Open YAmikep opened this issue 7 years ago • 4 comments

When there are several executions within an order, the quantity extracted is wrong because the current code uses the quantity of the first execution.

For example, the CSV will say that the quantity of the order is 100 while it is actually 231.

{
    ...
    'average_price': '1.30000000',
    'cumulative_quantity': '231.00000',
    'price': '1.31000000',
    'quantity': '231.00000', 
    'executions': [
        {'id': 'xxx',
        'price': '1.30000000',
        'quantity': '100.00000',
        'settlement_date': '2015-12-22',
        'timestamp': '2015-12-17T20:19:52.656000Z'},
        {'id': 'yyy',
        'price': '1.30000000',
        'quantity': '100.00000',
        'settlement_date': '2015-12-22',
        'timestamp': '2015-12-17T20:19:52.656000Z'},
        {'id': 'zzz',
        'price': '1.30000000',
        'quantity': '31.00000',
        'settlement_date': '2015-12-22',
        'timestamp': '2015-12-17T20:19:52.657000Z'}],
    ...
}

By removing the 2 following lines, the code will use the quantity of the order which I believe is correct. https://github.com/joshfraser/robinhood-to-csv/blob/master/csv-export.py#L95-L96

YAmikep avatar Nov 10 '17 00:11 YAmikep

Agreed that this is a bug. Not sure the right fix is deleting those lines. Don't have time to investigate right now though.

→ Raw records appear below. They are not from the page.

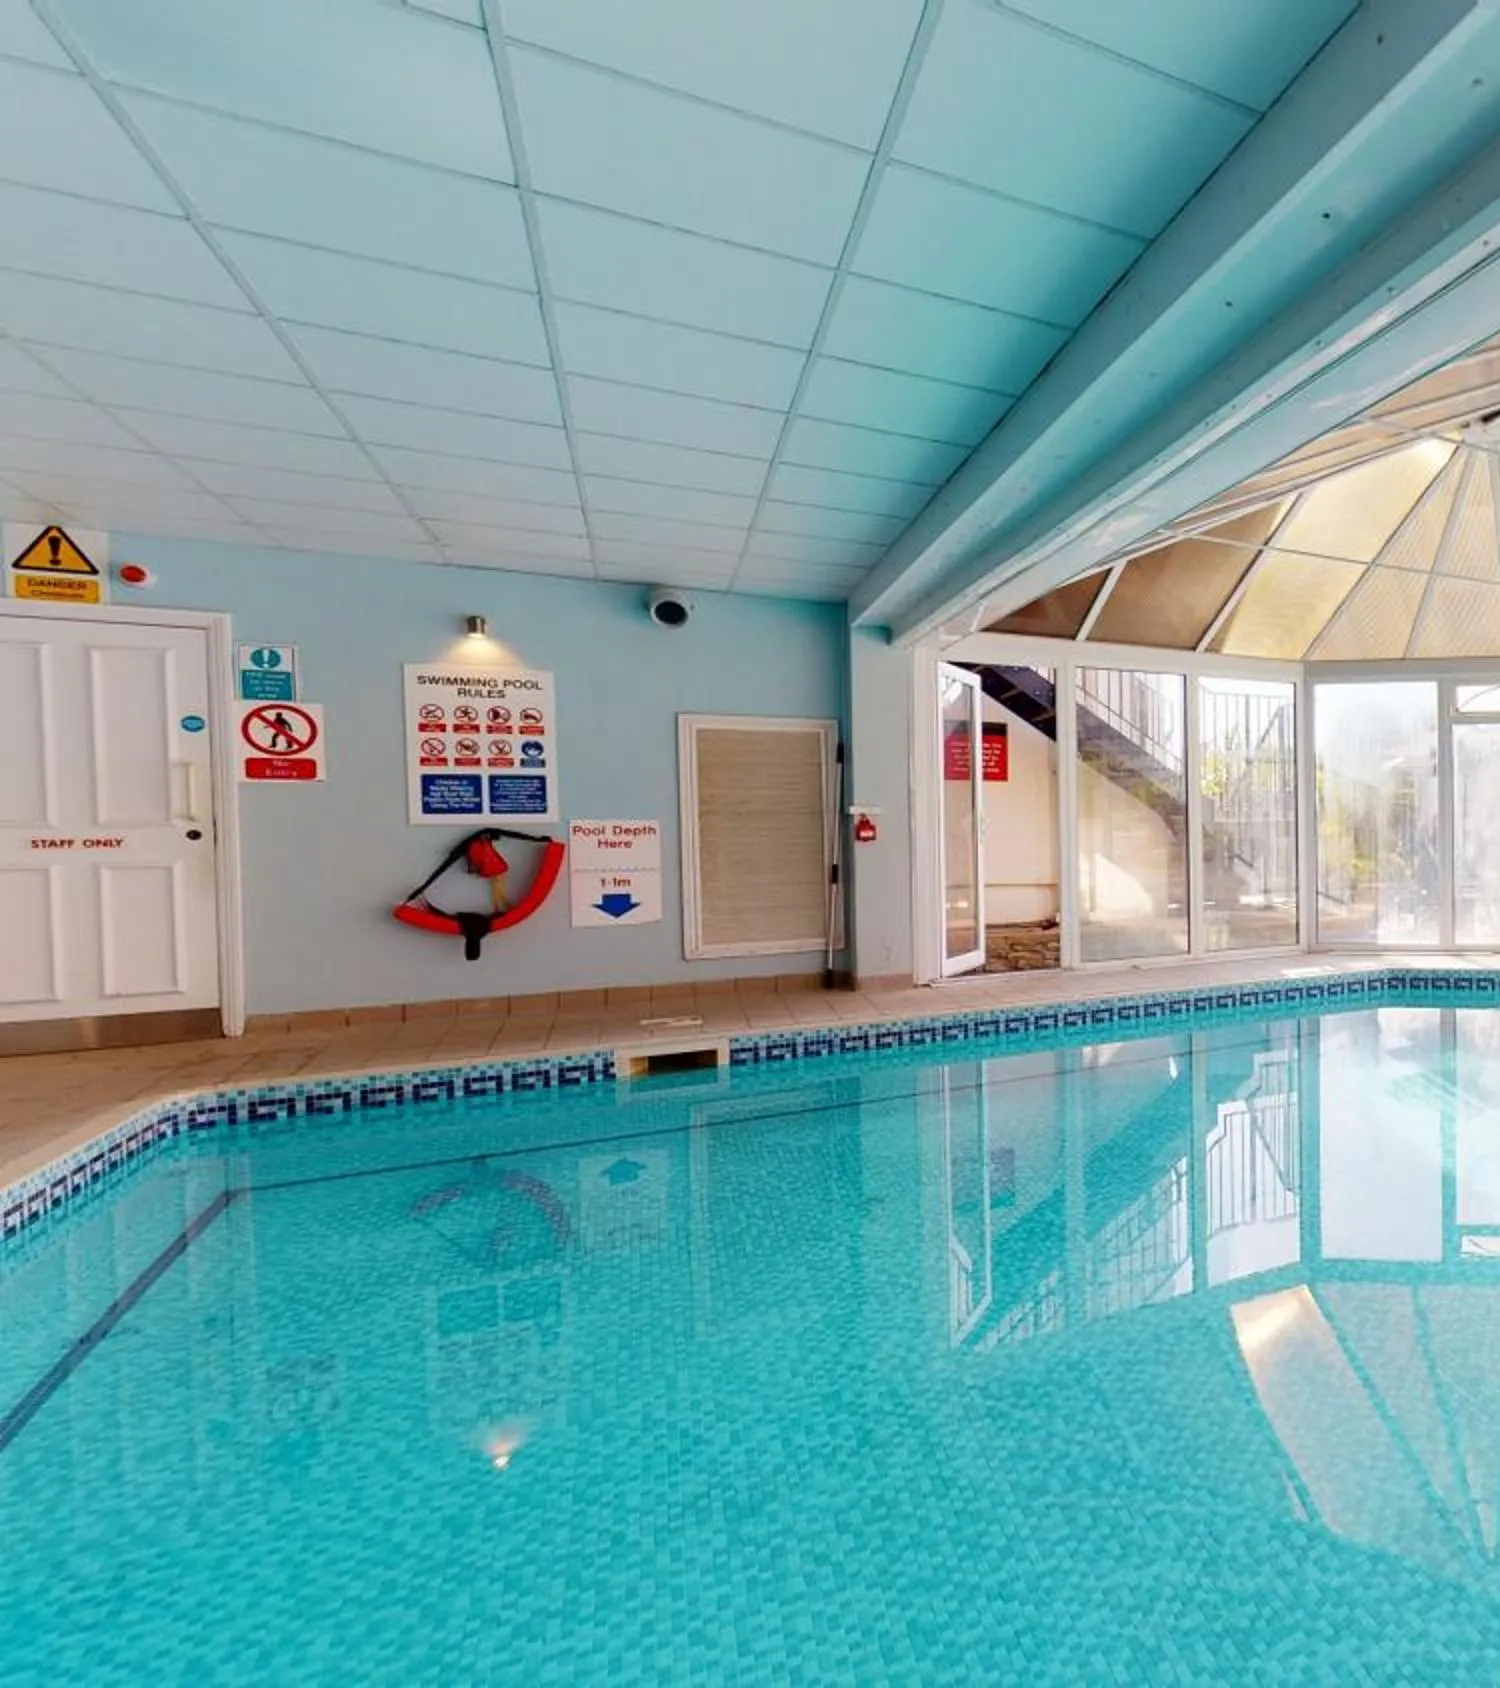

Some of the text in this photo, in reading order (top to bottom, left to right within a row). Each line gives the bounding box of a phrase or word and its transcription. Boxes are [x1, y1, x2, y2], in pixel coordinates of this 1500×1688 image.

[416, 675, 543, 690] SWIMMING POOL
[457, 688, 505, 699] RULES
[573, 825, 657, 836] Pool Depth
[31, 839, 124, 849] STAFF ONLY
[597, 839, 633, 849] Here

joshfraser avatar Nov 19 '17 08:11 joshfraser

I don't think the CSV output should replace order quantity and price with first execution quantity and price. Order price and quantity are entered by a user when creating an order. It may differ from the executed price and quantity.

Here's an example of a market order from my portfolio (note both prices):

Order:{  
   'updated_at':'2018-04-04T14:43:25.745567Z',
   'ref_id':None,
   'time_in_force':'gfd',
   'fees':'0.00',
   'cancel':None,
   'response_category':None,
   'id':'[ORDER_ID]',
   'cumulative_quantity':'100.00000',
   'stop_price':None,
   'reject_reason':None,
   'instrument':'https://api.robinhood.com/instruments/[INSTRUMENT_ID]/',
   'state':'filled',
   'trigger':'immediate',
   'override_dtbp_checks':False,
   'type':'market',
   'last_transaction_at':'2018-04-04T14:43:25.648000Z',
   'price':'3.05000000',
   'executions':[
      {  
         'timestamp':'2018-04-04T14:43:25.648000Z',
         'price':'2.91990000',
         'settlement_date':'2018-04-09',
         'id':'[EXECUTION_ID]',
         'quantity':'100.00000'
      }
   ],
   'extended_hours':False,
   'account':'https://api.robinhood.com/accounts/[ACCOUNT_ID]/',
   'url':'https://api.robinhood.com/orders/[ORDER_ID]/',
   'created_at':'2018-04-04T14:43:25.427702Z',
   'side':'buy',
   'override_day_trade_checks':False,
   'position':'https://api.robinhood.com/accounts/[ACCOUNT_ID]/positions/[POSITION_ID]/',
   'average_price':'2.91990000',
   'quantity':'100.00000'
}

I propose to leave the order price and quantity alone. Cumulative quantity is the sum of execution[quantity], and average_price is the average of execution[price]. Most users refer to these as filled quantity and filled price, respectively.

wezzybytes avatar Sep 09 '18 11:09 wezzybytes

@YAmikep are you happy with @cdesai-qi's solution?

joshfraser avatar Dec 27 '18 07:12 joshfraser

Yes, sounds good, the order information should not be changed by the executions.